Metabolomics reveal mitochondrial and fatty acid metabolism disorders that contribute to the development of DKD in T2DM patients.

Abstract

Diabetic kidney disease (DKD) is the leading cause of ESRD; however, early intervention can greatly prevent the progression of DKD; thus, sensitive biomarkers for DKD are still required. This study was aimed at the identification of potential biomarkers and revelation of underlying pathways in DKD patients by non-targeted metabolomics. Gas chromatography-mass spectrometry was used to analyze urine obtained from the control and type 2 diabetes mellitus (T2DM) and DKD patients, and the renal histological changes in DKD patients were assessed.

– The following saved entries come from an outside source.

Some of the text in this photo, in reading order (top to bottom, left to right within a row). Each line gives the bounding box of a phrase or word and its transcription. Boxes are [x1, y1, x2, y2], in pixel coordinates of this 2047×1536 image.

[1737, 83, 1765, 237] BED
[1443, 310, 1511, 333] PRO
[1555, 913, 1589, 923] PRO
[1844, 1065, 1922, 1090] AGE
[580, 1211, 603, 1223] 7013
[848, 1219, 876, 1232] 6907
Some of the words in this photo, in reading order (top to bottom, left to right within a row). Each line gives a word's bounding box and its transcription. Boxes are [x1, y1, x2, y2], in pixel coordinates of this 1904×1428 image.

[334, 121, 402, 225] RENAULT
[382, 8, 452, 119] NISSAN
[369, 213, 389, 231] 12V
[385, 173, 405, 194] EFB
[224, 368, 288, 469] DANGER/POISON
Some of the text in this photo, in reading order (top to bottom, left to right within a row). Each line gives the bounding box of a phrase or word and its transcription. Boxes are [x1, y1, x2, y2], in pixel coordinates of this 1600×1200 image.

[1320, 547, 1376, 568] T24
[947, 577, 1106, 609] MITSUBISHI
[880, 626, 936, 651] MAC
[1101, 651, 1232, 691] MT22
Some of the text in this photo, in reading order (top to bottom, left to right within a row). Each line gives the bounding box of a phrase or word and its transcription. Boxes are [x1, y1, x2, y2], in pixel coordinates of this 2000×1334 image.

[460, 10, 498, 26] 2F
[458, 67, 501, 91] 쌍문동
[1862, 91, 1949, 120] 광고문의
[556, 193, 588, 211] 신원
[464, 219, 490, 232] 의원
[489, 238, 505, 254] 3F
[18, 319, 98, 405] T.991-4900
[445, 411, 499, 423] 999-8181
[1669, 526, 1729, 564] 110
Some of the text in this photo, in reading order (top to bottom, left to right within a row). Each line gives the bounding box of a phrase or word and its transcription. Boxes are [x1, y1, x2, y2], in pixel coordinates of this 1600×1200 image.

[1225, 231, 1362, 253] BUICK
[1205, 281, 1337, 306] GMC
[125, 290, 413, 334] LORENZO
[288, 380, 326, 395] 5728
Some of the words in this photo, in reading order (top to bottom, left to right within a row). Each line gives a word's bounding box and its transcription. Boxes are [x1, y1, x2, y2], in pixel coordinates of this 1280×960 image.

The DKD group showed increased level of uric acid, 1,5-anhydroglucitol, hippuric acid, stearic acid, and palmitic acid and reduced level of uracil, glycine, aconitic acid, isocitric acid, 4-hydroxybutyrate, 2-deoxyerythritol, and glycolic acid as compared to the control and T2DM groups. Further analysis indicated that many of the changed metabolites were involved in mitochondrial and fatty acid (FA) metabolism, and combined mitochondrial and FA metabolites showed better diagnosis values for DKD. Histological results confirmed that renal expression of key proteins was reduced in DKD patients with respect to mitochondrial biogenesis (PGC-1α, p-AMPK) and FA oxidation (PPAR-α, CPT-1) as compared to that in the control and T2DM groups. This study highlighted that both mitochondrial and FA metabolism were disturbed in DKD, and thus, they could serve as combined biomarkers for the prediction of DKD.